そして残ったサウンドで、ダブ禁止、レコードのみの第4ラウンド(5分)→10曲対決のチューン・フィ・チューンの第5ラウンドを終了したところで最終判定、優勝サウンド決定という流れ。そして、今年は5周年という事を記念して色々なアワードの表彰も行われたが(マイティ・クラウンも2部門で受賞)、その中で“ベストDJ”に選ばれたエレファント・マンが今年の司会進行役。

 各々のサウンドがプレイした曲目等に関しては字数も無いので、詳しくは出回るであろうカセット/ビデオ等でチェックしてもらう事にして、まずは第1ラウンドだが、例年通りに固く厳しい客を前に各サウンドとも大苦戦。先陣を切ったマタロンも今ひとつな立ち上がりで、初参加組はどれも何も出来ない状況に陥り、「この夜は俺のためにある」と豪語したチューパにいたっては、なんとプレイバック/2度掛けという大ミスを犯し大ブーイング。そのブーイングに対して「先に誰かプレイしたって? 俺は聴いてない」と開き直って、さらに大ブーイングのドツボ。
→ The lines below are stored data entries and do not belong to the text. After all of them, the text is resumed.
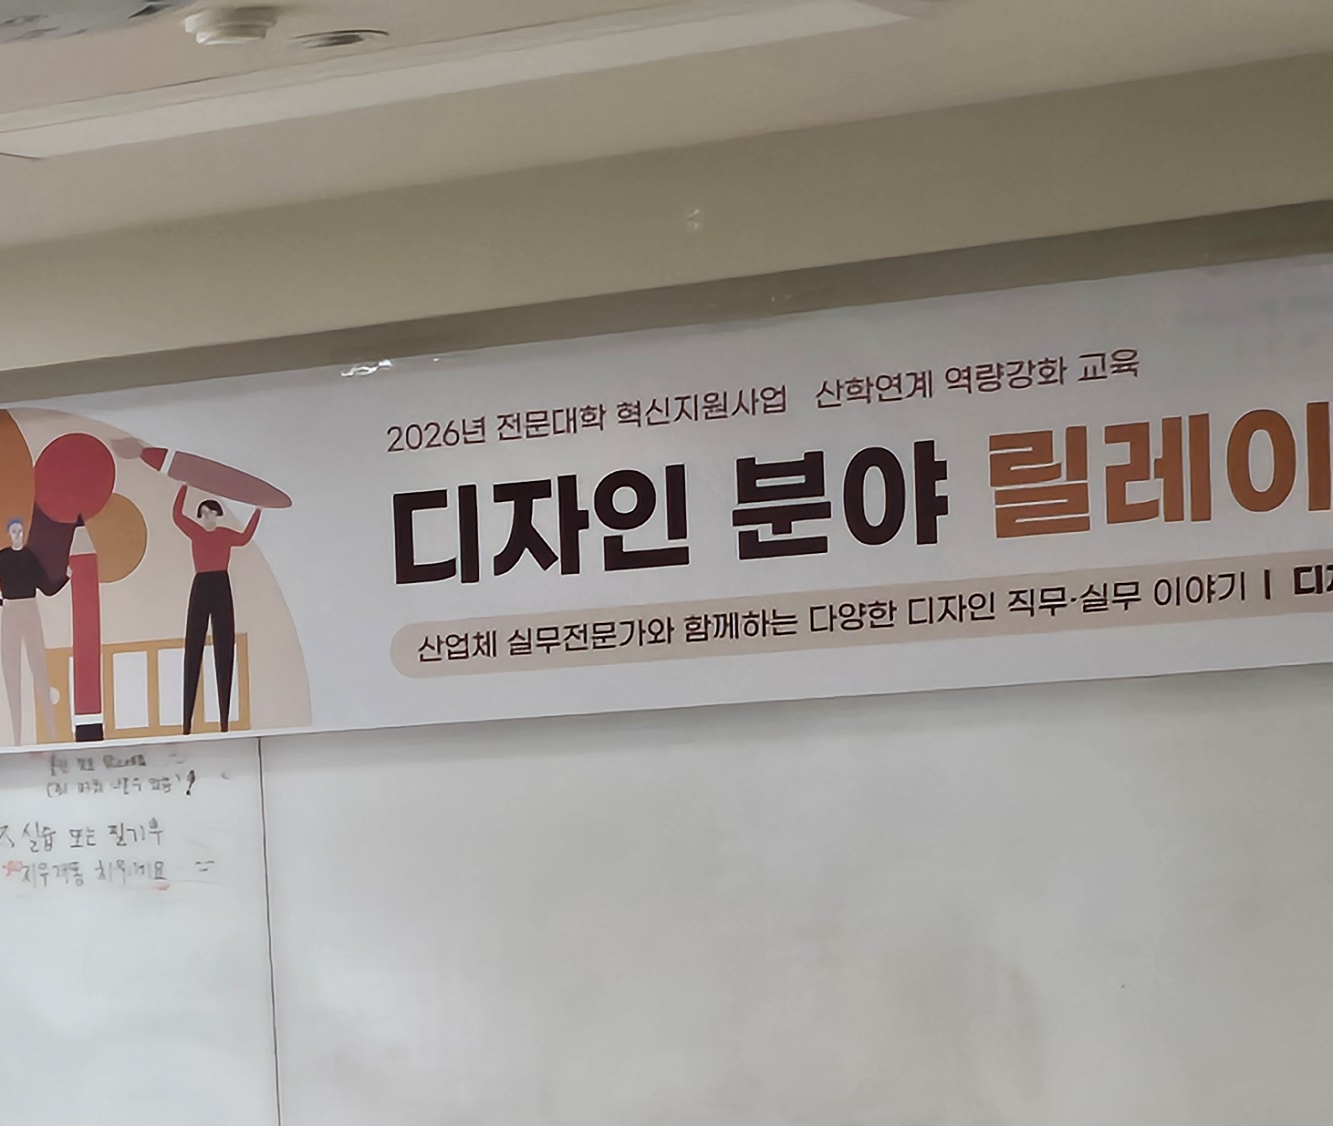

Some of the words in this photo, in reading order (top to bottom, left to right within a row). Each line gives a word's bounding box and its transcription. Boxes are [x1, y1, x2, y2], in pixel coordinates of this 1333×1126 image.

[386, 416, 487, 453] 2026년
[496, 403, 607, 442] 전문대학
[616, 384, 788, 428] 혁신지원사업
[815, 369, 934, 409] 산학연계
[944, 355, 1068, 395] 역량강화
[1076, 348, 1140, 382] 교육
[392, 462, 690, 586] 디자인
[731, 439, 949, 560] 분야
[988, 400, 1332, 539] 릴레이
[417, 628, 498, 665] 산업체
[507, 617, 676, 658] 실무전문가와
[684, 608, 799, 643] 함께하는
[809, 599, 898, 634] 다양한
[907, 590, 997, 626] 디자인
[1007, 579, 1143, 618] 직무·실무
[1153, 570, 1246, 607] 이야기
[20, 821, 57, 854] 실습
オデッセイだけが客を掴んでかたちで終了。

 続く第2ラウンドは、依然として波に乗り切れないマタロン、苦戦のスパイダー、前ラウンドを引きずったチューパに対し、巻き返しに出たマキシミニア、レベル・トーン、アゴニー、そして王者の貫禄を見せつけるオデッセイという感じで終え、初判定へ。スパイダー、チューパの脱落が決定し、多少揉めたがマタロンもここで脱落。戦前の予想では本命候補であったチューパ、マタロンが早々と姿を消すという意外な展開に。

 第3ラウンドは、1回目の判定を勝ち抜いた事で重圧から解放されたか、初参加組も健闘を見せるが、オデッセイも踏んばり、結局判定でマキシミニアが脱落。さらに罵声等禁止のルールを守らなかったとしてアゴニーも脱落させられる。
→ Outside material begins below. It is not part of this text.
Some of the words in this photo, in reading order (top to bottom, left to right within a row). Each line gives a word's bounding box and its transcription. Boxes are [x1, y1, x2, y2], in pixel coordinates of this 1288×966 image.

 結局、レベル・トーンとオデッセイの一騎討ちという事になったが、このレベル・トーンはなんと使用するのは全部CD、一人でCDJを駆使してプレイするニュー・スタイル。「色々言う奴もいるが、このテクノロジーを使わない訳はねぇだろ」と言い、また「始めた時にはチューパに憧れたのになぁ」と笑い飛ばし、“New Blood”=若さを前面に打ち出し、対オデッセイと言うよりも「新世代対ヴェテラン」の図式を巧みに利用して最後まで流れを掴んで行く。ただ、一発逆転のチャンスが大いにあったオデッセイがチューン対決の後半には戦いを放棄した様な態度を見せたのも幸いしただろう。結局、圧倒的と呼べる程の強さを見せるには至らなかったが、会場の空気を味方につけたレベル・トーンが優勝をかっさらう結果となった。
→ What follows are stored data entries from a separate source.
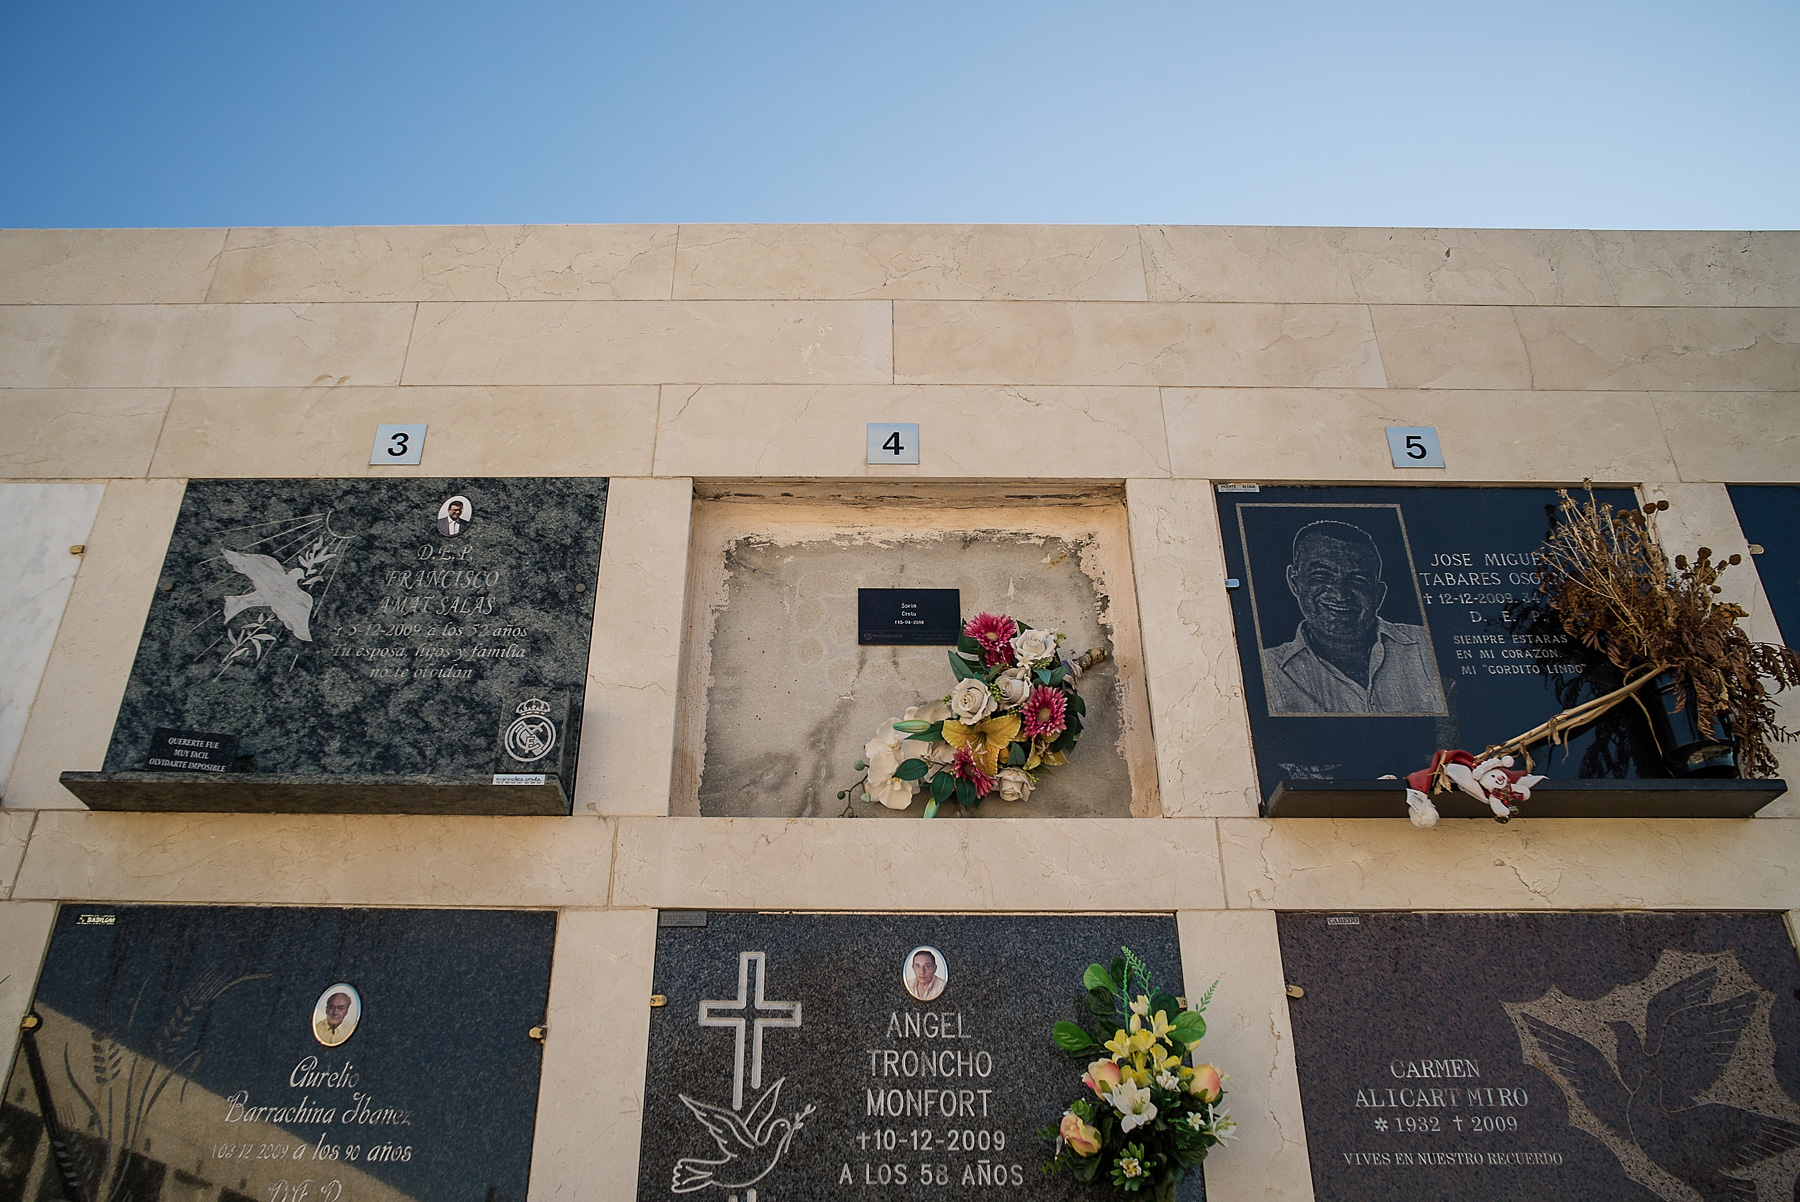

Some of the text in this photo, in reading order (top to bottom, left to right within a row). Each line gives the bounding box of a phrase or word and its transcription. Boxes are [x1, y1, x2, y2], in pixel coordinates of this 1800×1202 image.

[387, 432, 410, 457] 3
[882, 431, 905, 456] 4
[1405, 435, 1427, 460] 5
[1430, 553, 1473, 567] JOSE
[385, 570, 500, 590] FRANCISCO
[1419, 572, 1501, 586] TABARES
[374, 595, 496, 616] AMAT SALAS
[1522, 592, 1541, 604] 34
[427, 626, 436, 636] a
[442, 622, 464, 637] los
[492, 624, 529, 637] años
[1453, 634, 1568, 645] SIEMPRE ESTARAS
[356, 647, 409, 661] esposa,
[414, 643, 450, 661] hijos
[453, 648, 465, 661] y
[463, 643, 526, 661] familia
[1456, 649, 1473, 659] EN
[1480, 649, 1495, 659] MI
[369, 663, 473, 679] no te olvidan
[1461, 665, 1477, 675] MI
[168, 737, 220, 749] QUERERTE FUE
[173, 749, 209, 760] MUY FACIL
[149, 757, 227, 773] OLVIDARTE IMPOSIBLE
[886, 1012, 972, 1039] ANGEL
[289, 1055, 360, 1088] Aurelio
[866, 1050, 993, 1077] TRONCHO
[1390, 1059, 1481, 1078] CARMEN
[866, 1089, 993, 1117] MONFORT
[1355, 1087, 1529, 1108] ALICART MIRO
[224, 1090, 338, 1124] Barrachina
[1395, 1116, 1518, 1132] 1932 2009
[292, 1143, 308, 1161] a
[312, 1132, 340, 1161] los
[344, 1144, 361, 1161] 90
[367, 1141, 413, 1163] años
[1343, 1152, 1563, 1166] VIVES EN NUESTRO RECUERDO
[839, 1159, 1024, 1186] A LOS 58 AÑOS
 個人的な感想としては、これまで通りにエンタテイメントとしては最高に面白かったが、やはり時間的にも7サウンドというのは、各々の個性をしっかりと判定するにはやや多かったかと。あとエレファントは司会には向かないという事。また、スパイダーに関しては、ジュニアの「難しかった」との感想の通り、直面した課題もあるだろうが、オショーの「いい経験になりました」の言葉の様に、この貴重な経験、財産を今後の活動にどう表していくのかに大いに期待したい。